WORK TASK:
In the copy, every record below must appear exactly as given, and no picture may appear.

RECORDS SUPPLIED section start

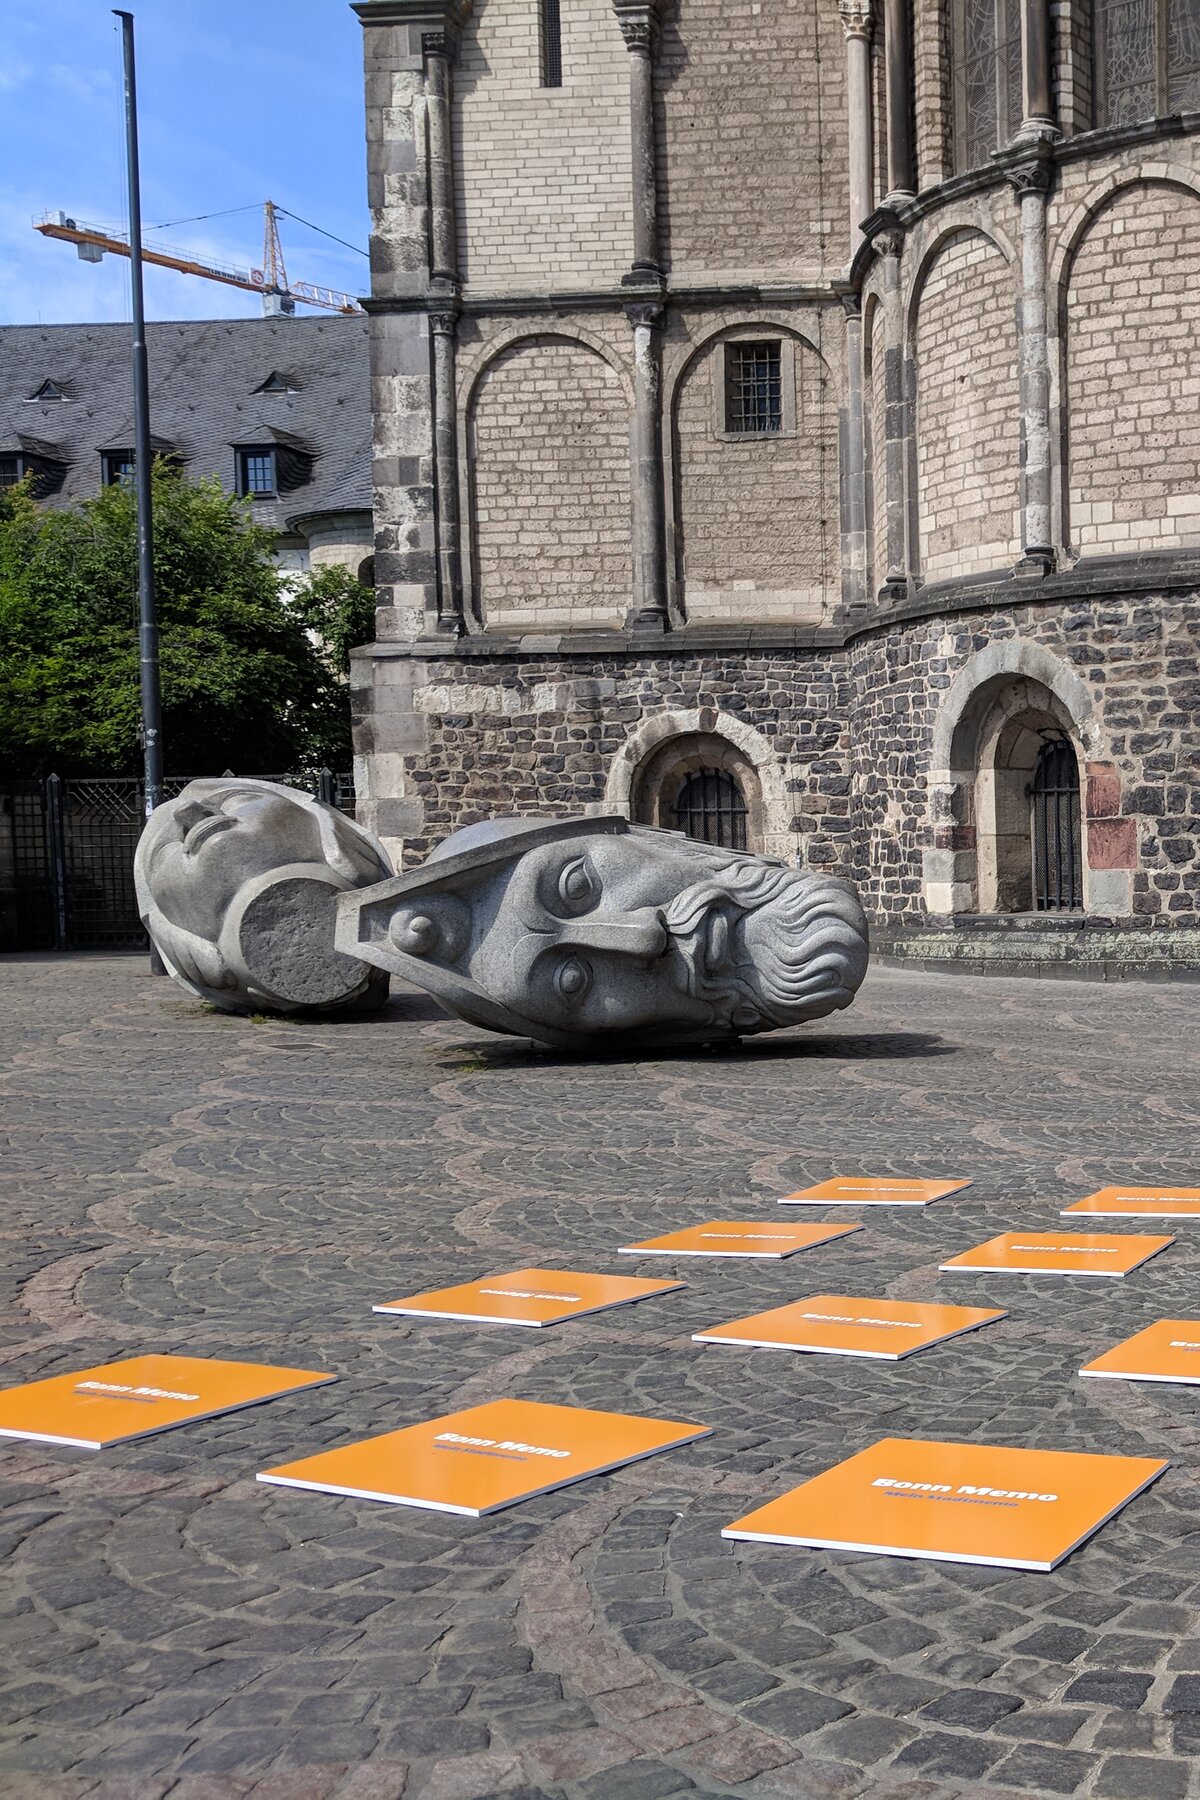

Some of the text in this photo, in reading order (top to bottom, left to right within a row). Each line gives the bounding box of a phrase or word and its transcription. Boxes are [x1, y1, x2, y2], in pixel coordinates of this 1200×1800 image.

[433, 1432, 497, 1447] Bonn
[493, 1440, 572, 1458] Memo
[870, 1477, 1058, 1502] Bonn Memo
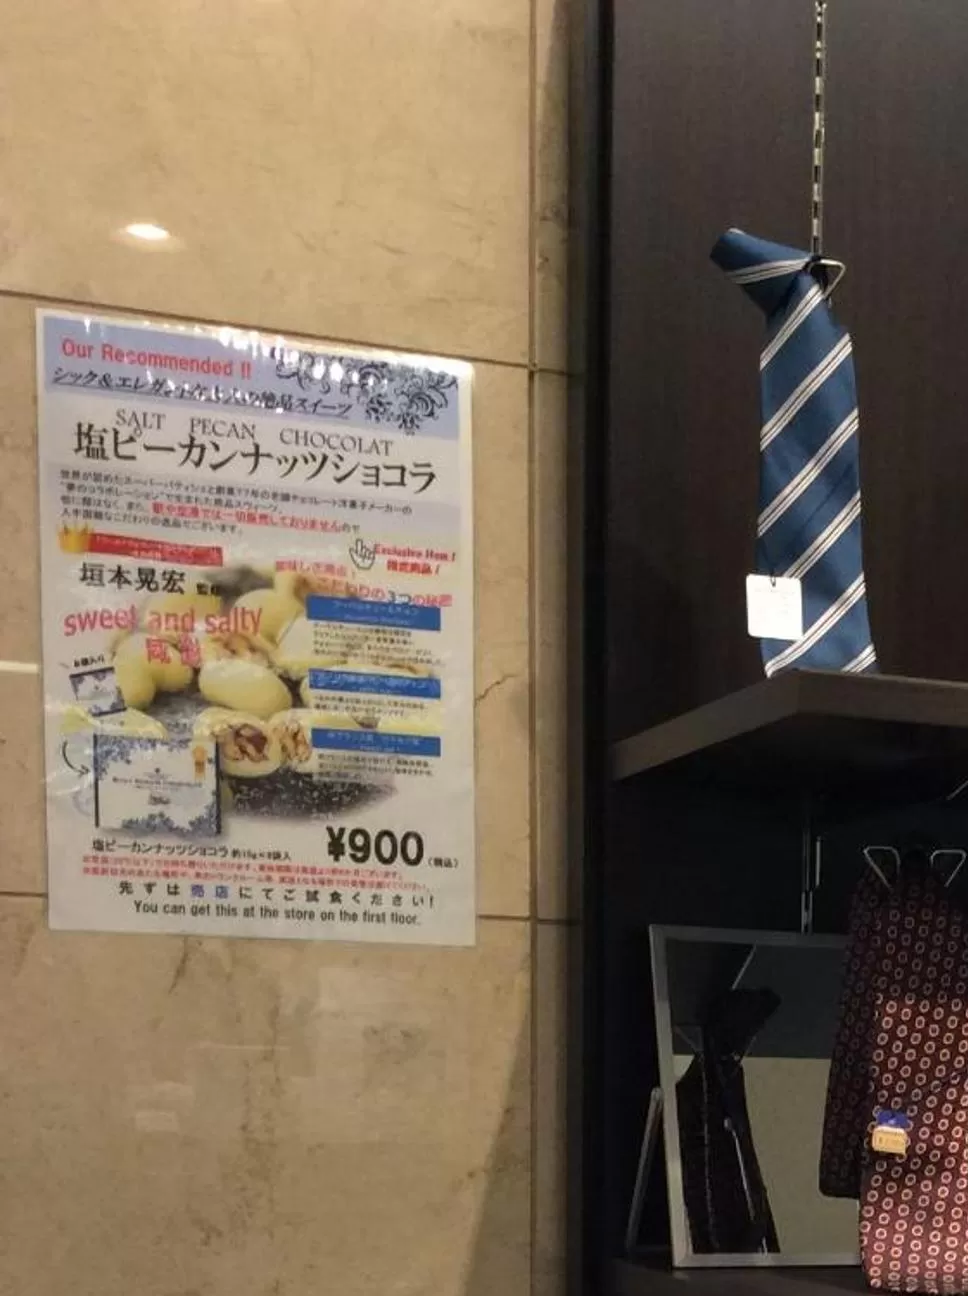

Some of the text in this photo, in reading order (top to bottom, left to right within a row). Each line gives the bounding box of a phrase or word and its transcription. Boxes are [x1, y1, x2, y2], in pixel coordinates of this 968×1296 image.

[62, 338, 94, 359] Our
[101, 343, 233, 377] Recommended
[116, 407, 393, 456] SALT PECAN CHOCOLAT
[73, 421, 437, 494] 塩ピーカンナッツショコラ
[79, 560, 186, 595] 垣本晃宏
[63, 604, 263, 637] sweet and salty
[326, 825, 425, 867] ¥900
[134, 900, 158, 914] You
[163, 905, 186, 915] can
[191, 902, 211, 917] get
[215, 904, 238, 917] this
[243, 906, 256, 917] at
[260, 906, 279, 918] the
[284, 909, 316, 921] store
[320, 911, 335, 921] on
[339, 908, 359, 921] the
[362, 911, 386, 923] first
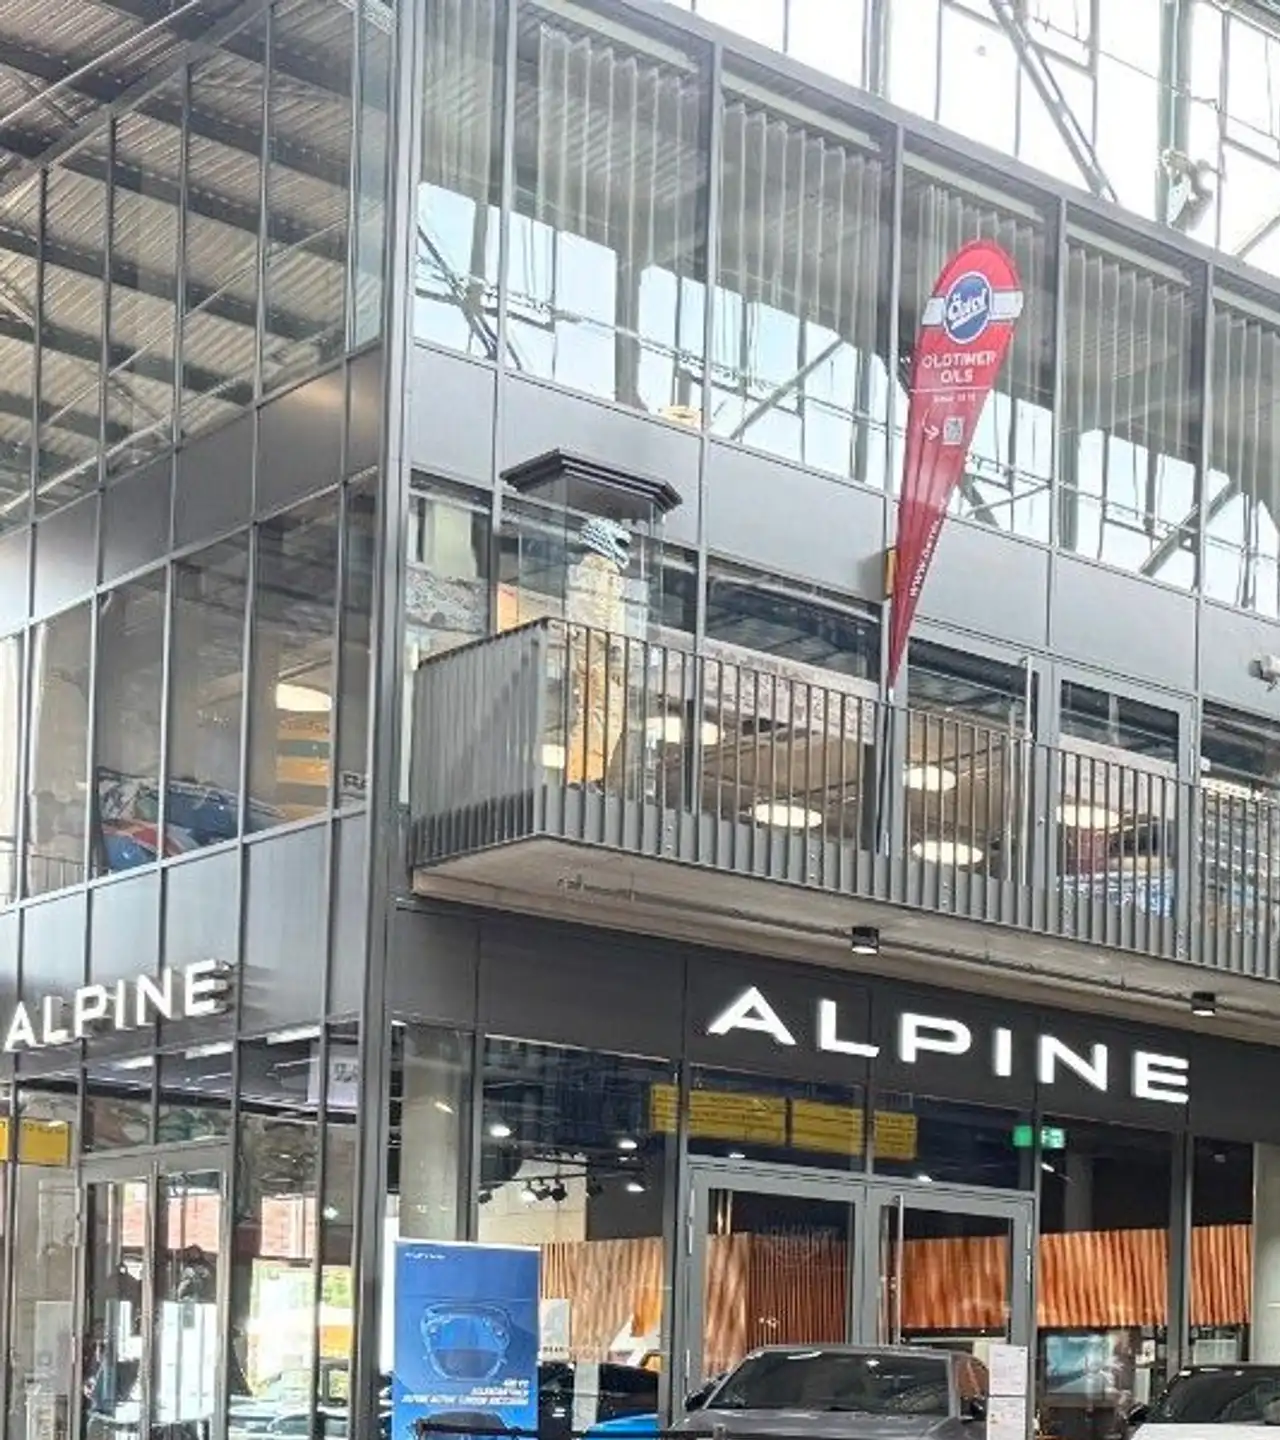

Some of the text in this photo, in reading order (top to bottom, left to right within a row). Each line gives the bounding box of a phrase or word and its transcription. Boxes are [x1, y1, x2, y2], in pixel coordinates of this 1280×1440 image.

RECORDS SUPPLIED section end

ANSWER:
Some of the text in this photo, in reading order (top to bottom, left to right within a row). Each line gives the bounding box of a phrase or word and its transcription. Boxes are [x1, y1, x2, y2], in pixel coordinates of this 1200×1800 image.

[433, 1432, 497, 1447] Bonn
[493, 1440, 572, 1458] Memo
[870, 1477, 1058, 1502] Bonn Memo

Some of the text in this photo, in reading order (top to bottom, left to right within a row). Each line gives the bounding box of a phrase or word and its transcription. Boxes are [x1, y1, x2, y2], in pixel coordinates of this 968×1296 image.

[62, 338, 94, 359] Our
[101, 343, 233, 377] Recommended
[116, 407, 393, 456] SALT PECAN CHOCOLAT
[73, 421, 437, 494] 塩ピーカンナッツショコラ
[79, 560, 186, 595] 垣本晃宏
[63, 604, 263, 637] sweet and salty
[326, 825, 425, 867] ¥900
[134, 900, 158, 914] You
[163, 905, 186, 915] can
[191, 902, 211, 917] get
[215, 904, 238, 917] this
[243, 906, 256, 917] at
[260, 906, 279, 918] the
[284, 909, 316, 921] store
[320, 911, 335, 921] on
[339, 908, 359, 921] the
[362, 911, 386, 923] first

Some of the text in this photo, in reading order (top to bottom, left to right within a row). Each line gives the bounding box of a phrase or word and its transcription. Boxes are [x1, y1, x2, y2], in pixel coordinates of this 1280×1440 image.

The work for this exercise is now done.